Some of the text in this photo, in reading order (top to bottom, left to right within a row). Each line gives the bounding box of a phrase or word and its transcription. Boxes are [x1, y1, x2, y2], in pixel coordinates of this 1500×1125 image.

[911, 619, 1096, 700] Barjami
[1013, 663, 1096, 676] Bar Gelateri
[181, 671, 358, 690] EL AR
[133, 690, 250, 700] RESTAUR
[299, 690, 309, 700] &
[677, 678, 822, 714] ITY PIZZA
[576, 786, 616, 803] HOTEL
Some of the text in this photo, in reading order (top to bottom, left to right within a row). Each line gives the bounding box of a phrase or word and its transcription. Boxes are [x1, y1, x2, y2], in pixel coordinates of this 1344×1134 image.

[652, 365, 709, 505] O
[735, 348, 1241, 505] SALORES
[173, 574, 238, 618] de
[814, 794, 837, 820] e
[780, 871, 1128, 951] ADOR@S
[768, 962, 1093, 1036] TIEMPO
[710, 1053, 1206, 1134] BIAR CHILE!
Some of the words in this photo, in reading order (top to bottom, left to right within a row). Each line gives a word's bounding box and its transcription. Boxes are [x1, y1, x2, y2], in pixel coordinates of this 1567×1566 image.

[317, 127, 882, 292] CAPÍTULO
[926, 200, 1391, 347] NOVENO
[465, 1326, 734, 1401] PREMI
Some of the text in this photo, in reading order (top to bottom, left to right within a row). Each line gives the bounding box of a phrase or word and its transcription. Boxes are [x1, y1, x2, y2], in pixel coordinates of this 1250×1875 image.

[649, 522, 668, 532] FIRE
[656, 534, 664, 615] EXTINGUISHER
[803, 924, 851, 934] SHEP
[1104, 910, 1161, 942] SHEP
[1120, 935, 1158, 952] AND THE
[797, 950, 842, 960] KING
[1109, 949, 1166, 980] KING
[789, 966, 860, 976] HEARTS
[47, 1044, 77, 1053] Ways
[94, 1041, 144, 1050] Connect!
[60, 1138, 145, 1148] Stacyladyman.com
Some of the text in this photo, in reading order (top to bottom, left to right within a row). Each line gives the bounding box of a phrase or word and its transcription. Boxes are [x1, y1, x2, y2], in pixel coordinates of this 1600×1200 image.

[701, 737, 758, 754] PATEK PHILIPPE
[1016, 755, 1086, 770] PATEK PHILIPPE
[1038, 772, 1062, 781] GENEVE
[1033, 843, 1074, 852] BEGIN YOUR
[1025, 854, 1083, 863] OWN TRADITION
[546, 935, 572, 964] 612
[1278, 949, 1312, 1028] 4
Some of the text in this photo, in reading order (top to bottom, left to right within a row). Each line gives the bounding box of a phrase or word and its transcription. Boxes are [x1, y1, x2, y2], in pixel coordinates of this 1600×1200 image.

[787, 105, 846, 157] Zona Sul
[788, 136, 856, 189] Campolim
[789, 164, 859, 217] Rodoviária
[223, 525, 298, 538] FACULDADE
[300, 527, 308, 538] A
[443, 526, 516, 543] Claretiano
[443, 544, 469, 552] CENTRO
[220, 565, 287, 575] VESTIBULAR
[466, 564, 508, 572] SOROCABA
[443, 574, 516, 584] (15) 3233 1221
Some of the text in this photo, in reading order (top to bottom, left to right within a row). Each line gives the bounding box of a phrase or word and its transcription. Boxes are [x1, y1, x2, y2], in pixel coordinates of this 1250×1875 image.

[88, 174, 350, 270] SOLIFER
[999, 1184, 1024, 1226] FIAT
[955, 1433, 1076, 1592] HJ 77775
# # # # # # #
Retype the data exactly as it reads.

▸ **Answer for the task**
Some of the text in this photo, in reading order (top to bottom, left to right within a row). Each line gives the bounding box of a phrase or word and its transcription. Boxes are [x1, y1, x2, y2], in pixel coordinates of this 1500×1125 image.

[911, 619, 1096, 700] Barjami
[1013, 663, 1096, 676] Bar Gelateri
[181, 671, 358, 690] EL AR
[133, 690, 250, 700] RESTAUR
[299, 690, 309, 700] &
[677, 678, 822, 714] ITY PIZZA
[576, 786, 616, 803] HOTEL
Some of the text in this photo, in reading order (top to bottom, left to right within a row). Each line gives the bounding box of a phrase or word and its transcription. Boxes are [x1, y1, x2, y2], in pixel coordinates of this 1344×1134 image.

[652, 365, 709, 505] O
[735, 348, 1241, 505] SALORES
[173, 574, 238, 618] de
[814, 794, 837, 820] e
[780, 871, 1128, 951] ADOR@S
[768, 962, 1093, 1036] TIEMPO
[710, 1053, 1206, 1134] BIAR CHILE!
Some of the words in this photo, in reading order (top to bottom, left to right within a row). Each line gives a word's bounding box and its transcription. Boxes are [x1, y1, x2, y2], in pixel coordinates of this 1567×1566 image.

[317, 127, 882, 292] CAPÍTULO
[926, 200, 1391, 347] NOVENO
[465, 1326, 734, 1401] PREMI
Some of the text in this photo, in reading order (top to bottom, left to right within a row). Each line gives the bounding box of a phrase or word and its transcription. Boxes are [x1, y1, x2, y2], in pixel coordinates of this 1250×1875 image.

[649, 522, 668, 532] FIRE
[656, 534, 664, 615] EXTINGUISHER
[803, 924, 851, 934] SHEP
[1104, 910, 1161, 942] SHEP
[1120, 935, 1158, 952] AND THE
[797, 950, 842, 960] KING
[1109, 949, 1166, 980] KING
[789, 966, 860, 976] HEARTS
[47, 1044, 77, 1053] Ways
[94, 1041, 144, 1050] Connect!
[60, 1138, 145, 1148] Stacyladyman.com
Some of the text in this photo, in reading order (top to bottom, left to right within a row). Each line gives the bounding box of a phrase or word and its transcription. Boxes are [x1, y1, x2, y2], in pixel coordinates of this 1600×1200 image.

[701, 737, 758, 754] PATEK PHILIPPE
[1016, 755, 1086, 770] PATEK PHILIPPE
[1038, 772, 1062, 781] GENEVE
[1033, 843, 1074, 852] BEGIN YOUR
[1025, 854, 1083, 863] OWN TRADITION
[546, 935, 572, 964] 612
[1278, 949, 1312, 1028] 4
Some of the text in this photo, in reading order (top to bottom, left to right within a row). Each line gives the bounding box of a phrase or word and its transcription. Boxes are [x1, y1, x2, y2], in pixel coordinates of this 1600×1200 image.

[787, 105, 846, 157] Zona Sul
[788, 136, 856, 189] Campolim
[789, 164, 859, 217] Rodoviária
[223, 525, 298, 538] FACULDADE
[300, 527, 308, 538] A
[443, 526, 516, 543] Claretiano
[443, 544, 469, 552] CENTRO
[220, 565, 287, 575] VESTIBULAR
[466, 564, 508, 572] SOROCABA
[443, 574, 516, 584] (15) 3233 1221
Some of the text in this photo, in reading order (top to bottom, left to right within a row). Each line gives the bounding box of a phrase or word and its transcription. Boxes are [x1, y1, x2, y2], in pixel coordinates of this 1250×1875 image.

[88, 174, 350, 270] SOLIFER
[999, 1184, 1024, 1226] FIAT
[955, 1433, 1076, 1592] HJ 77775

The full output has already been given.